Trump can end market downturn whenever he wants, commentators say

12:58 pm on 7 April 2025
Donald Trump and the NZX.

In the US, stock futures fell 1500 points on Sunday local time as markets readied for a rough day of trading on Monday. Photo: AFP / NZX

Share markets around the world are reeling from the US's introduction of sweeping tariffs.

New Zealand shares were down just under 3 percent around midday, and the New Zealand and Australian dollar have both fallen.

In the US, stock futures fell 1500 points on Sunday local time as markets readied for a rough day of trading on Monday.

The tech-heavy Nasdaq has been particularly hard hit.

But while last week was the worst for markets since the pandemic hit in March 2020, commentators say there are some key differences this time around.

Morningstar data director Greg Bunkall said during the March 2020 covid-19 downturn, the MSCI World Index fell 34 percent in US dollar terms, and 26 percent in New Zealand dollars. The US stock market lost nearly 8 percent in one day but recovered in four months.

That compares to the global financial crisis, where between October 2007 and March 2009, it was down 56 percent in US dollars and 34 percent in NZ.

Since 2 April, it has dropped 9 percent in USD and 13 percent in NZD.

Pie Funds founder and chief investment officer Mike Taylor said the difference between the current downturn and covid-19 or the GFC was that "the market rout can stop any time".

"We just need some common sense in the White House - it's a complete own goal. The longer this goes on unchecked, it can become a self-fulfilling prophecy. Selling begets more selling; falling asset prices lead to a feedback loop."

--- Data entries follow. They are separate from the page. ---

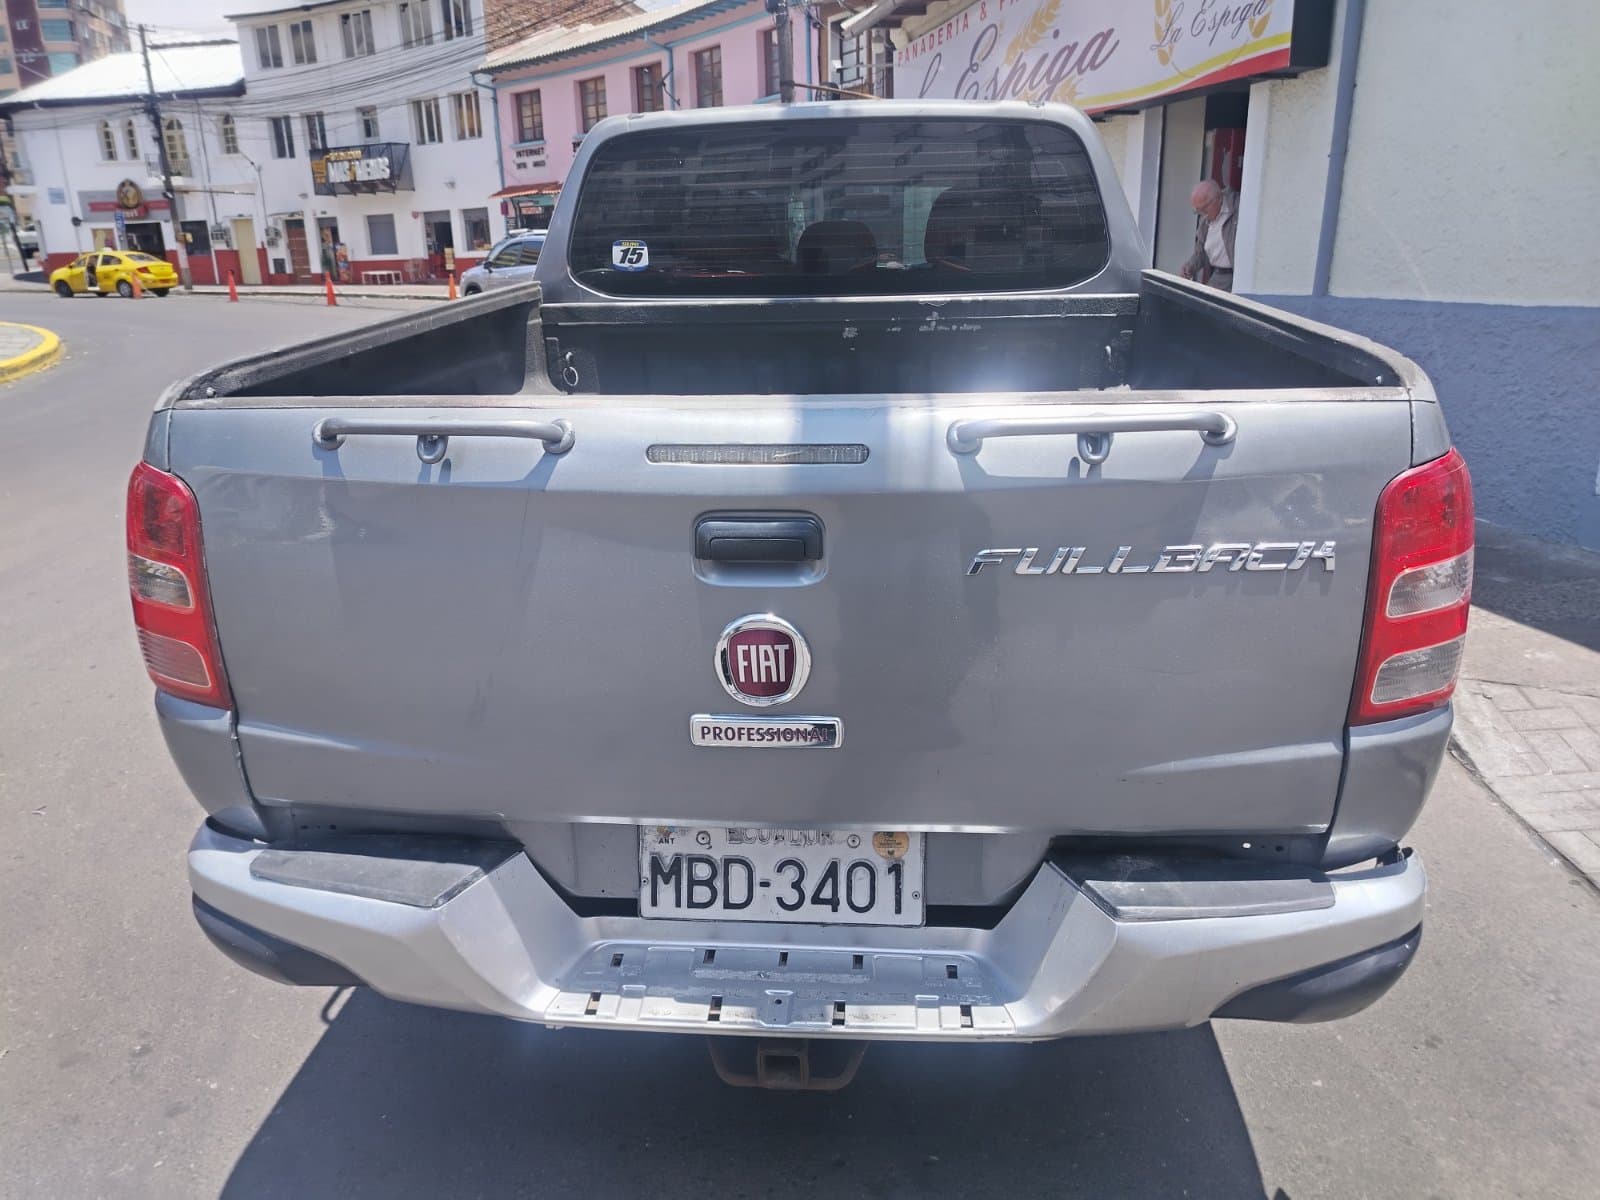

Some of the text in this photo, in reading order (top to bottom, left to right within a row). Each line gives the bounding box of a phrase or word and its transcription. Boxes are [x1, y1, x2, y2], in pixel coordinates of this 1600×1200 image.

[1190, 0, 1268, 48] Espiga
[953, 23, 1120, 101] Espiga
[619, 247, 646, 265] 15
[965, 541, 1337, 576] FULLBACK
[736, 644, 790, 683] FIAT
[701, 725, 829, 743] PROFESSIONAL
[657, 836, 675, 845] ANT
[649, 853, 903, 915] MBD-3401

He said the market was falling to factor in the expectation of a recession, compared to the forecast a month ago for 3 percent economic growth.

But he said the market was starting to look very oversold on a number of metrics, which had been historically consistent with either a market bottom or a big bounce.

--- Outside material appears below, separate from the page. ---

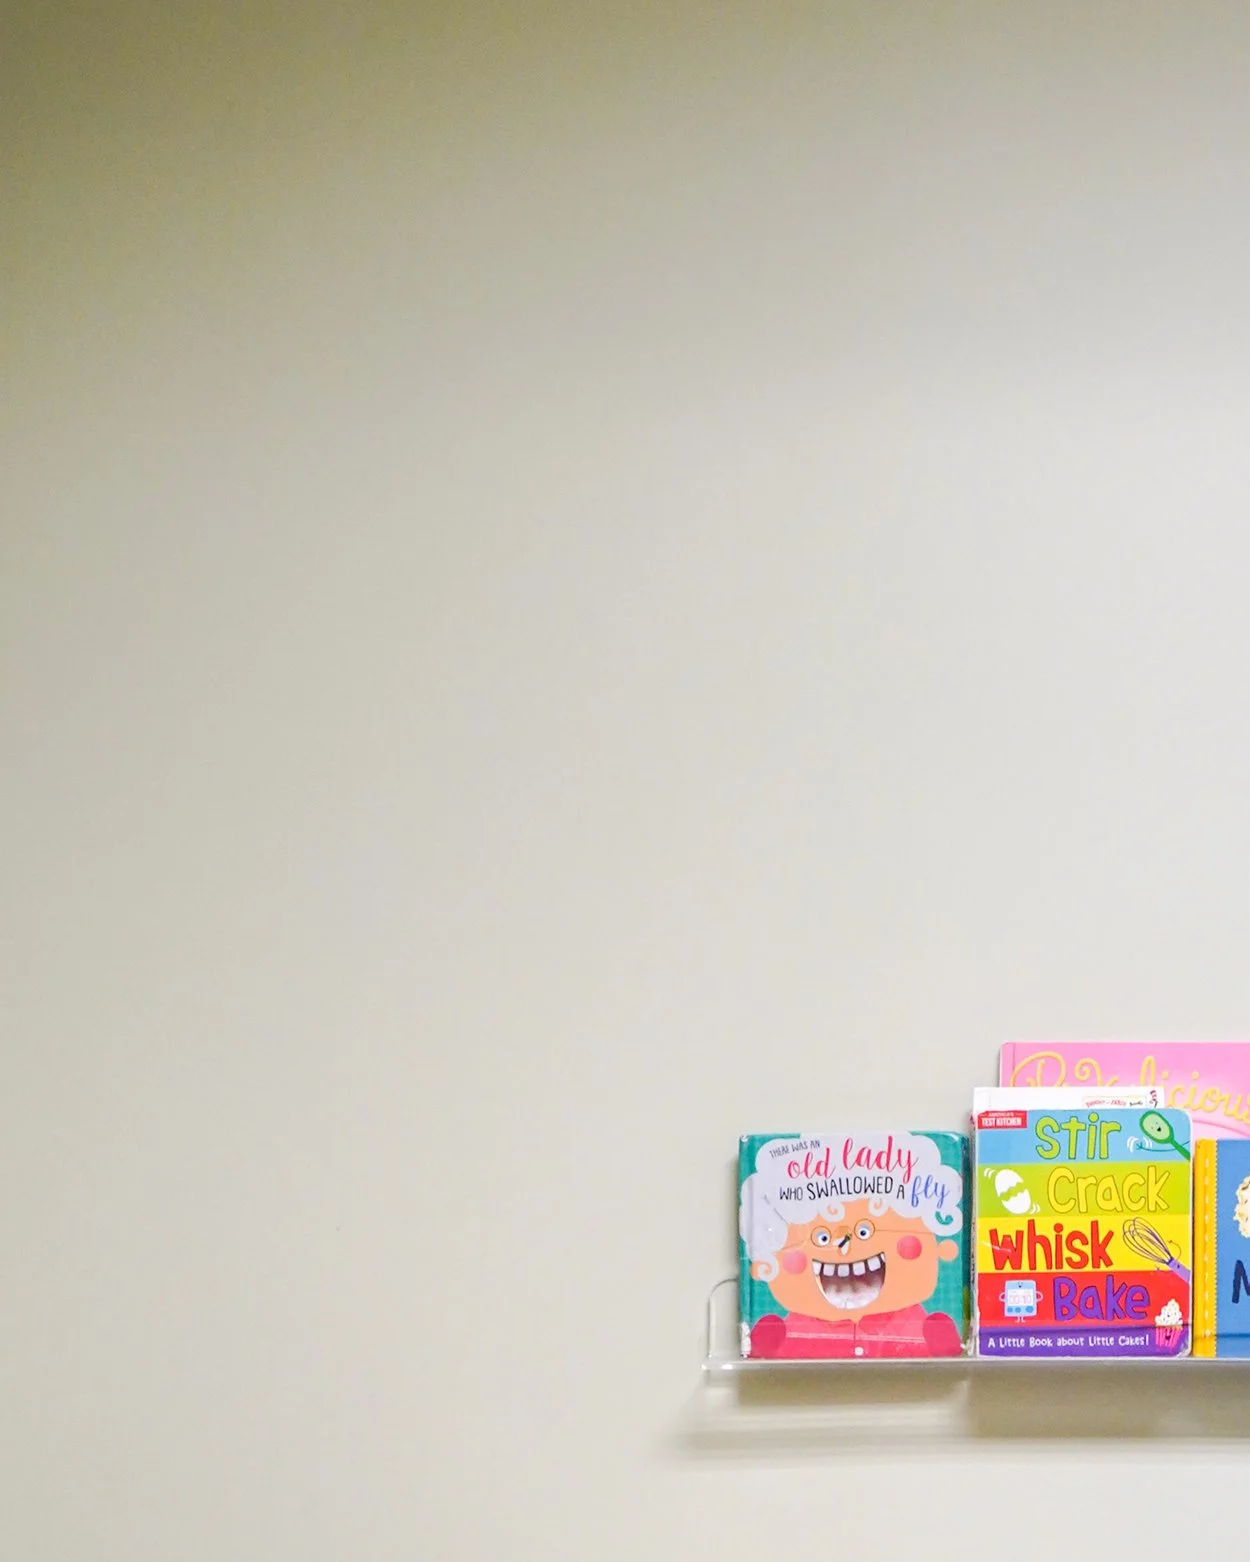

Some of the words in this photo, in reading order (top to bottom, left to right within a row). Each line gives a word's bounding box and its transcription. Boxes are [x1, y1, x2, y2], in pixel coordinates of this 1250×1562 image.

Dean Anderson, founder of Kernel Wealth, agreed the tariff sell-off was a "purely self inflicted policy decision".

"At the start of 2025, the US economy was strong and now the question remains how much damage is Trump willing to do and will he actually take an off-ramp by negotiating down tariffs with key allied trading partners.

"This rapid change of world order is creating unease, with the Vix index [a measure of volatility] jumping over 50 percent and now back to levels seen in March 2020, albeit still down from those peaks.

"In the GFC, you saw the Fed lower rates from 5.25 percent down to a virtual zero. This time, the Fed (US Federal Reserve) is holding steady, highlighting the risks of rising inflation from Trump's tariffs. Rising inflation would put pressure to raise rates, a double whammy for US consumers.

With Trump always needing to be a winner, we wait to see which group has the greatest influence on his thinking - the "yes man" tariff hawks in office, or the big donors who are feeling the brunt of the policies and the personal financial loss as a result."

Morningstar analyst Emelia Frederick earlier looked at the history of stock market crashes and said they showed that people who did not panic and sell would be rewarded in the long run - but it could sometimes take years for a market to recover.

She said $1 invested in a hypothetical US stock market in 1871 would have grown to $31,255 by the end of January.

But the Great Depression, for example, brought a 79 percent drop. Someone who invested $100 in 1929 would have seen it drop to $21 by May 1932. The market regained its 1929 high in November 1936 but then started dropping again in February 1937. It did not fully recover until 1945.

Kiwibank economists said Trump's tariffs would take the global average rate to the highest level since 1906.